If you want to be a leader in your space, you have to be an innovator. You have to come up with new, better, different, and thoughtful approaches to how you do business. How you show up, how you sell, how you market yourself, how you serve clients. 

Innovation and disruption are a key part of thought leadership online. But most online business owners today are so blinded by tactics, that they fail to pick their head up and think big-picture. 

Beating the algorithm. 

Making the perfect Instagram reel. 

Hopping on whatever trend is working for everyone else in the market. 

The problem? In doing this, you are building someone else’s authority, while undermining your own. You are placing yourself in the category of “commodity.” 

People see you as a commodity when you’re just like everyone else. When they see you as a leader in your space, as the best in the world at what you do, is when you become a category owner. 

Those who position themselves as category owners display a clear, consistent message, and prioritize brand and relationships over transaction. 

Category ownership is the key to brand longevity versus short-lived success. Jumping on every shiny new tactic is a surefire way to damage your reputation in the market.

So, how do you position yourself as a category owner and continue to elevate under circumstances of uncertainty, inflation, a recession, and mass layoffs? The good news is, more millionaires are statistically made in times of economic turmoil. In fact, the number of millionaires is expected to increase by 40% over the next 5 years according to Credit Suisse Group AG’s 2022 Global Wealth Report. 

Friend, there’s no better time to lean in and prepare to disrupt. 

How we’re disrupting the online coaching space: 

If there’s anything to think about, it’s that now more than ever, your market is craving that just-in-time solution. 

At Kelly Roach International and The Business Advisory, we are here to serve, support, innovate and disrupt the world of entrepreneurship by becoming the world’s best business education and leadership development company in the world. And in order to keep moving toward that goal, we knew we needed to deliver those just-in-time solutions to our market. 

This past year, we focused heavily on both launching new offers that met our audience where they are, as well as going through iterations and revisions of our flagship coaching program to massively simplify for our clients – and we will continue to do so moving into 2023. 

As a service provider, you must think innovatively about what those add-ons, upsells and downsells are that you can put in front of your customer as the just-in-time solutions that allow you to maintain newness, excitement and the opportunity to continue working with you in a new and different way. 

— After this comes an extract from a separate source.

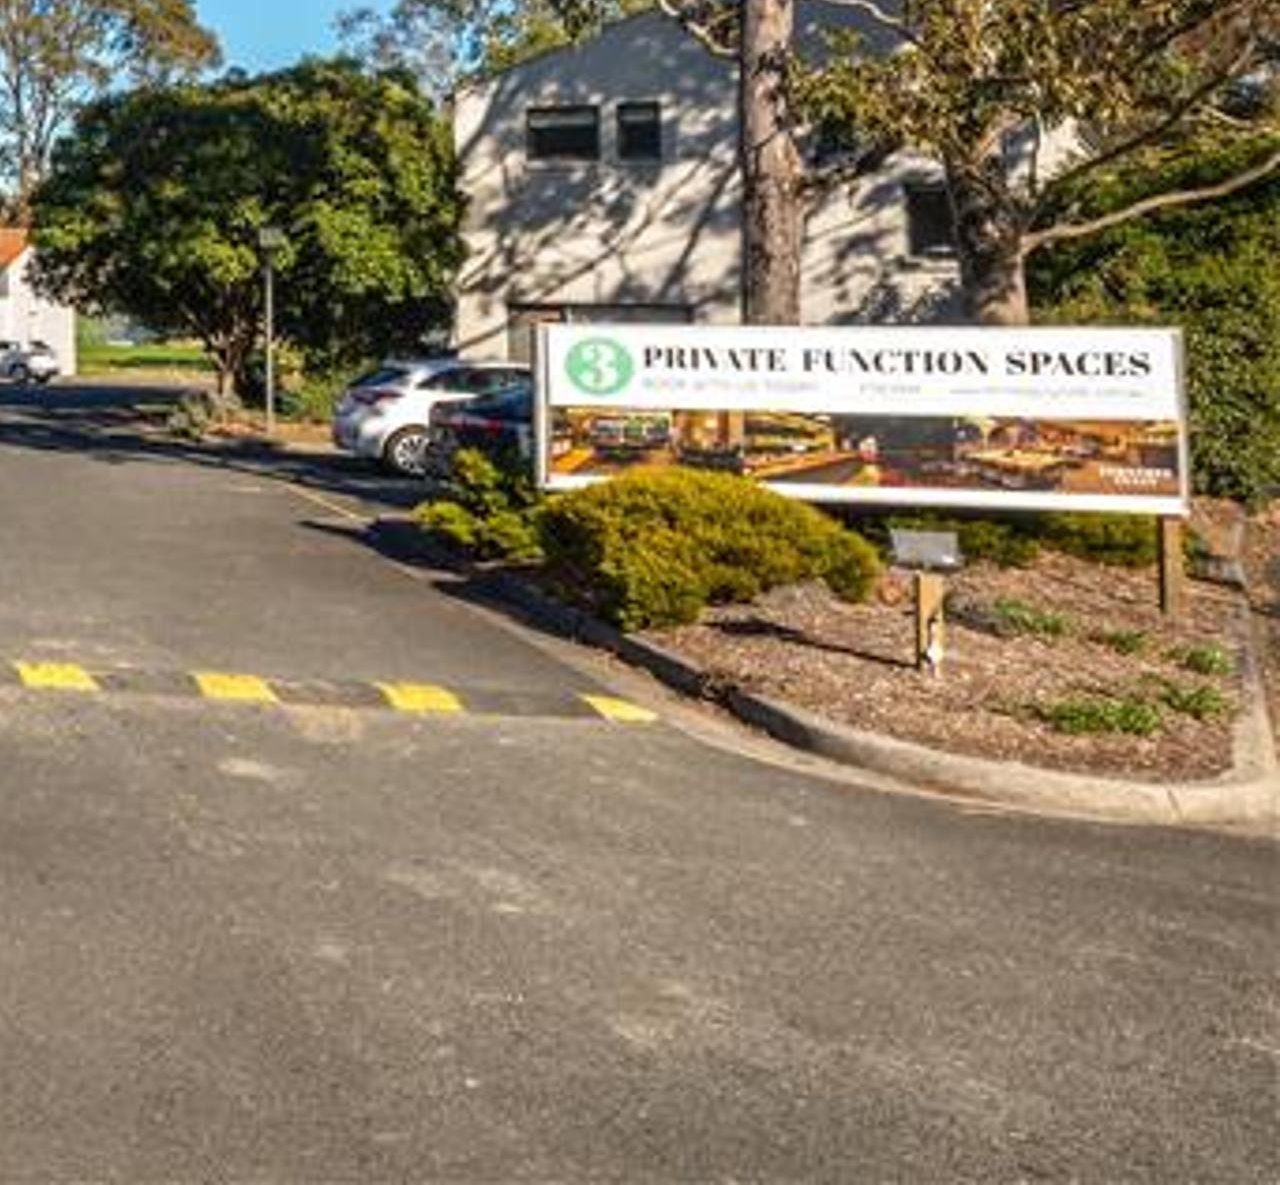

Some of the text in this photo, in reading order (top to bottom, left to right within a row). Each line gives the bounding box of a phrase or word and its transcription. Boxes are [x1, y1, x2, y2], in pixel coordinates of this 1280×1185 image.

[580, 343, 618, 393] 3
[643, 346, 1151, 376] PRIVATE FUNCTION SPACES

Our new offers included The Inevitable Millionaire Mentorship program, designed to make 1% wealth building habits accessible to 99% of the population (this is a hands-on mentorship with me, open to business owners, professionals and high achievers of all walks of life). Up until now, it’s been close to impossible to get access to some of the world’s wealthiest, most successful individuals: and we all know that our circle of influence is more important and powerful than ever. We’ve also brought a handful of new on-demand courses to the market, including The Live Launch Method, Conviction Marketing, and more. 

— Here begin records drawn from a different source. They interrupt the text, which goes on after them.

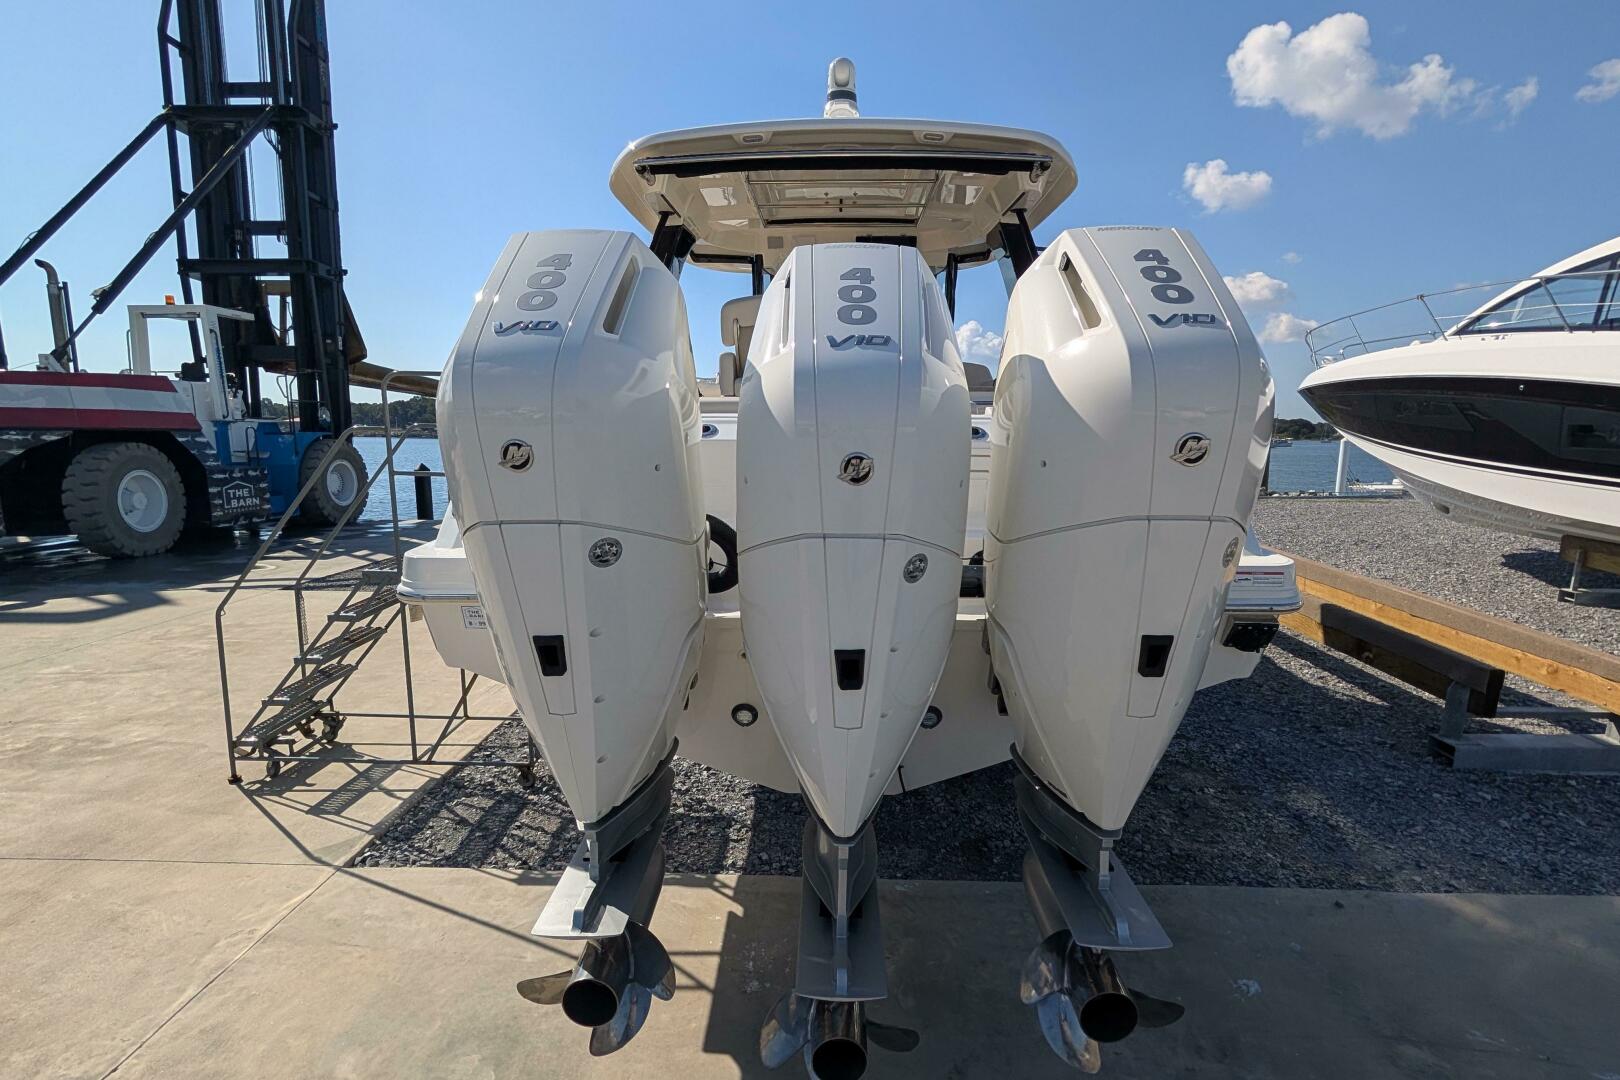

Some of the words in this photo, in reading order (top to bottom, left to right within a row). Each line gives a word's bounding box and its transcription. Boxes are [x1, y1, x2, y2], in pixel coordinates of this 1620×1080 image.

[516, 253, 573, 311] 400
[836, 267, 877, 325] 400
[1133, 248, 1195, 304] 400
[227, 488, 250, 498] THE
[231, 497, 260, 508] BARN
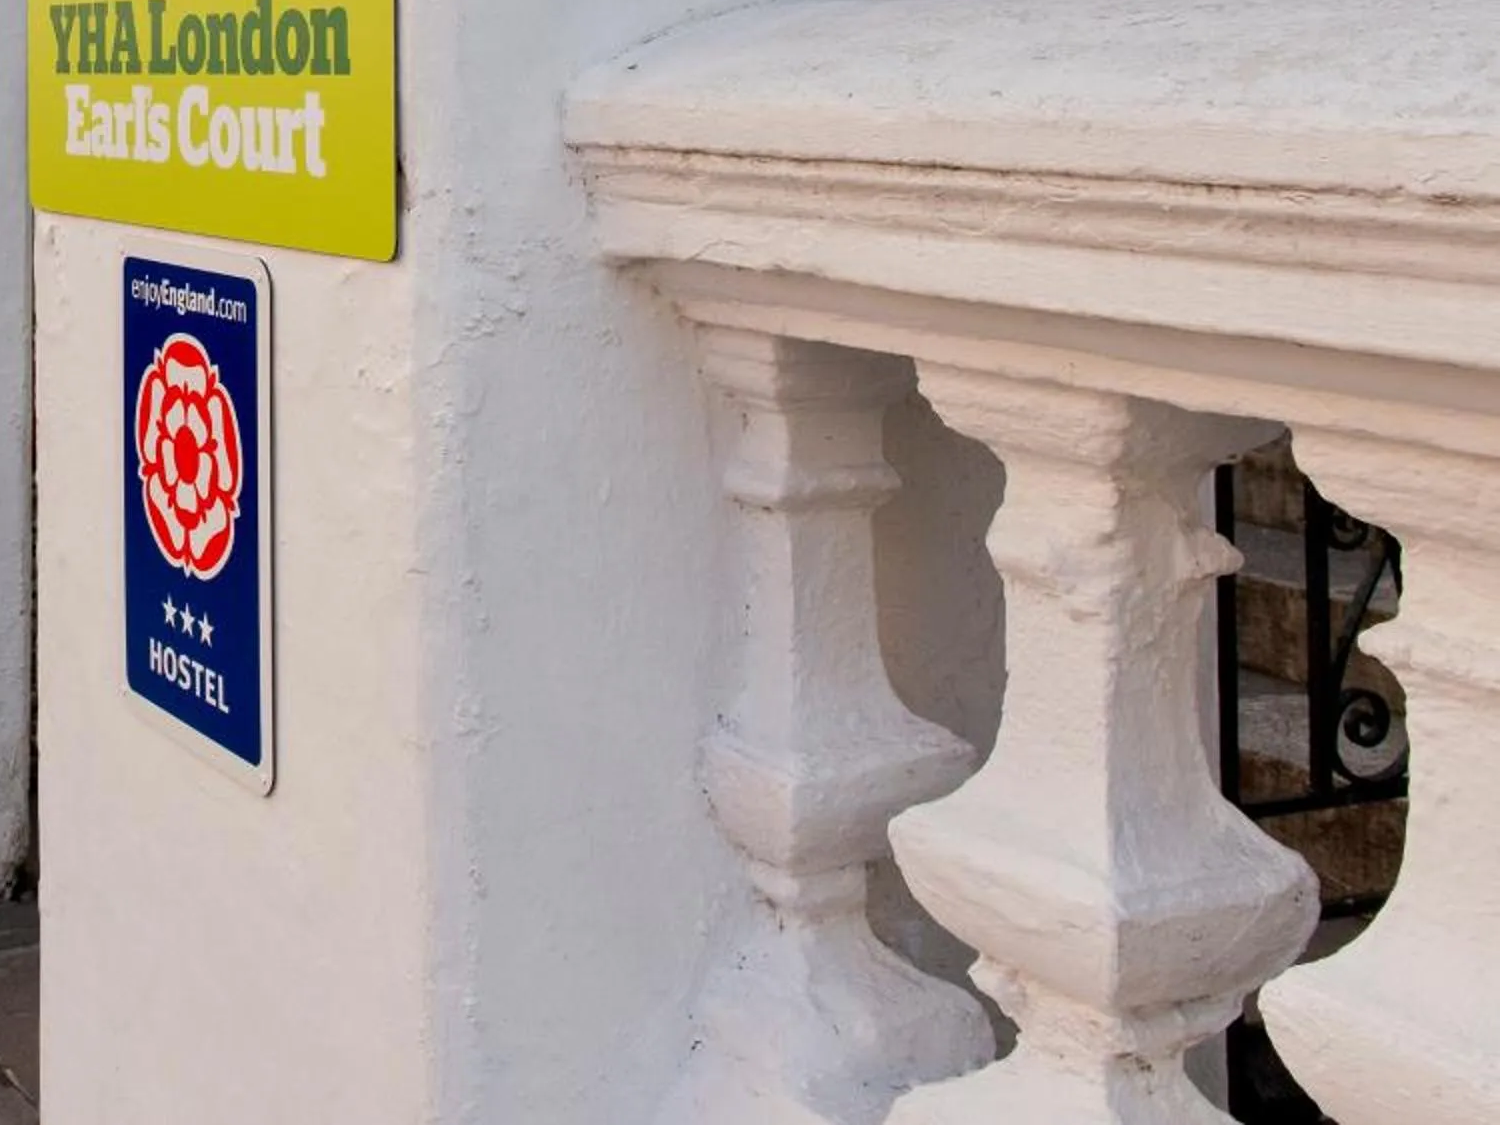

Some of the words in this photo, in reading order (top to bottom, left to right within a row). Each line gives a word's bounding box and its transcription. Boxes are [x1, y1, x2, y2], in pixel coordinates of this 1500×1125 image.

“Innovation is seeing what everybody has seen and thinking what nobody has thought.” –Dr. Albert

Additionally, revamping our existing offers to match the needs of our clients has allowed us to incorporate more experiential events, 1:1 time with our team, and implementation-heavy coaching. As you read on, you’ll understand why these are all important to consider as we move into 2023. 

Disruption is coming to the online education space in 2023. We are heading into a period where people are craving both explicit, quick, what you may consider more “transactional” education that they can purchase, listen to, and take immediate action on, and on the other hand, highly-customized, relational experiences and services. 

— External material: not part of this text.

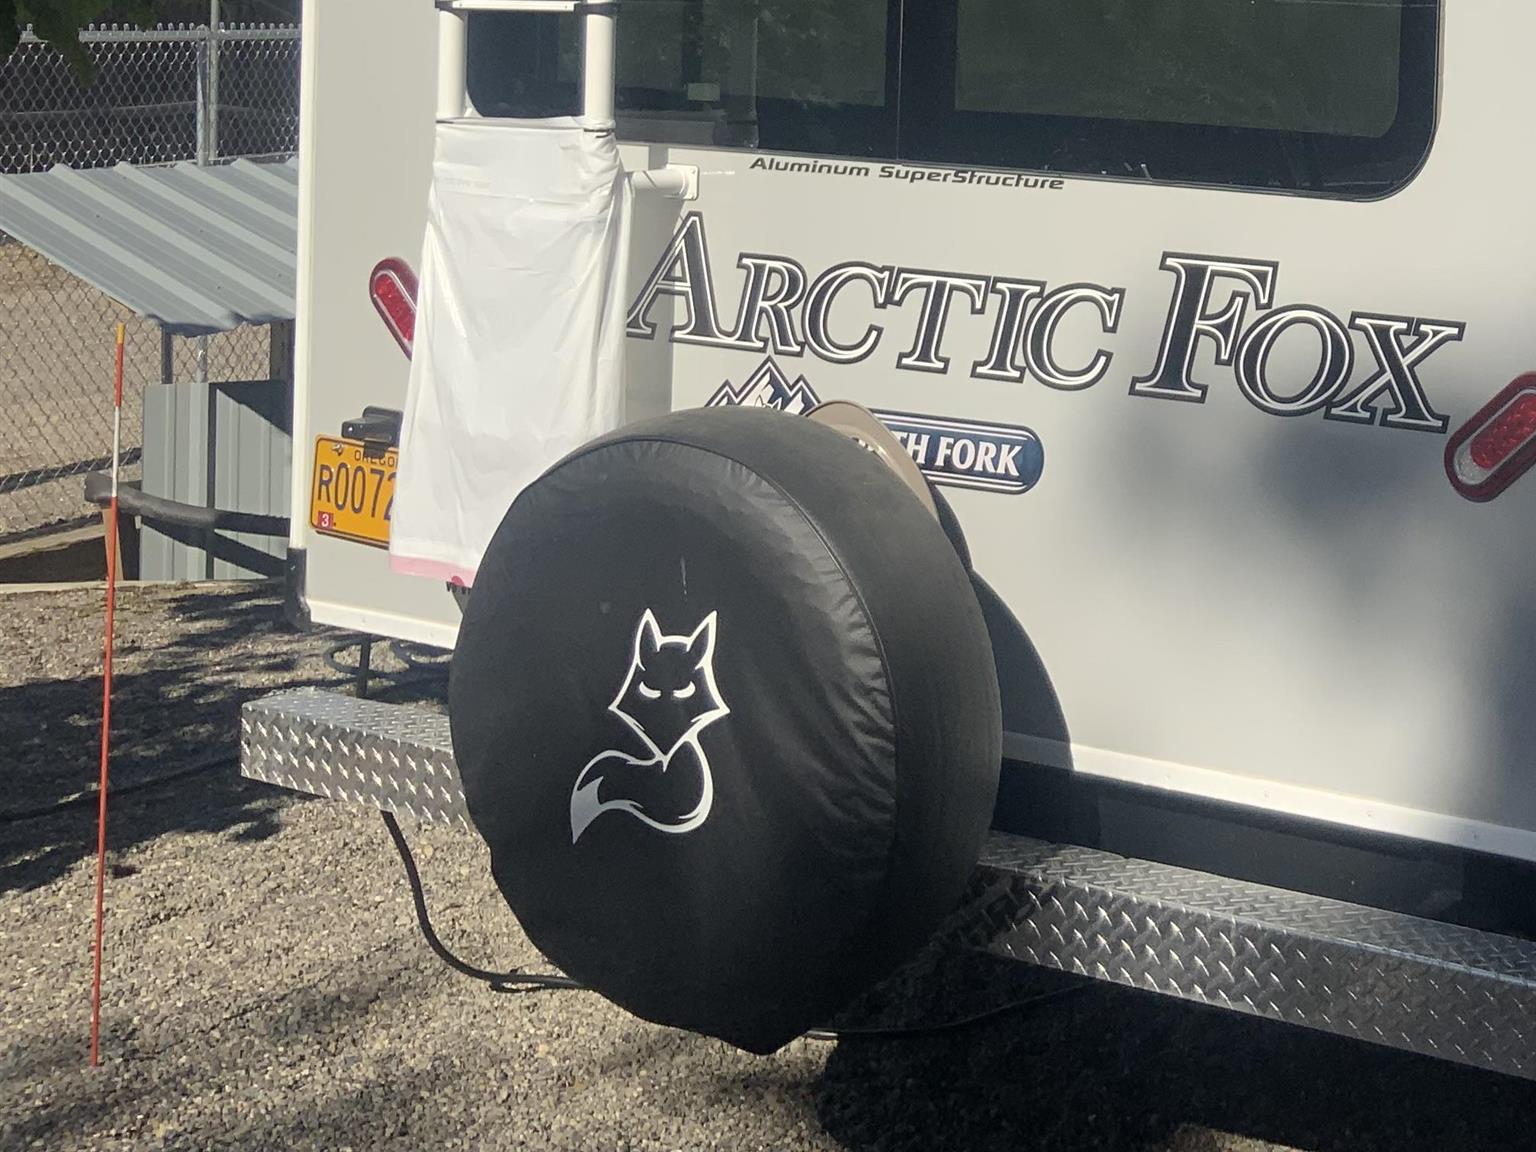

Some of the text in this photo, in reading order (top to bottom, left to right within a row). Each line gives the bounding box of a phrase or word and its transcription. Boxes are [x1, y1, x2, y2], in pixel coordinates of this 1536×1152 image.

We’ve seen this first-and on our Agency side of the company; as we’ve grown organically with zero ad spend, the greatest piece of feedback from our clients has been that we are the first agency where our customers are actually connected with a human who is ready and willing to step in and solve problems as needed, versus automated, prefabricated content with no room to pivot as needed. 

Now is the time to think about the role each one of your offers plays, and the interconnection between them. 

Looking ahead: what to expect in 2023

There will be plenty of businesses that come out on top over the next year, because they are focused on capitalizing on opportunity. Others will get beaten out of business. The good news is: the choice is yours. 

You can compete with all of the commodities in your industry and experience short-lived success, or you can reimagine and disrupt. It comes down to your ability to sustain optimism, continue taking action, and continue evolving your strategy and approach to match what people are looking for in this environment. 

Here are a few things to be paying attention to, as we head into 2023

Expect a shift in consumer mentality: people are using simplicity to evaluate coaches, consultants, and service providers

Your audience, and your clients, are sick of information overload. They realize they are spending so much time consuming, and not enough time taking action. And because of it, they aren’t making progress. If you want people to stick around, you must create opportunities for them to get real results, faster.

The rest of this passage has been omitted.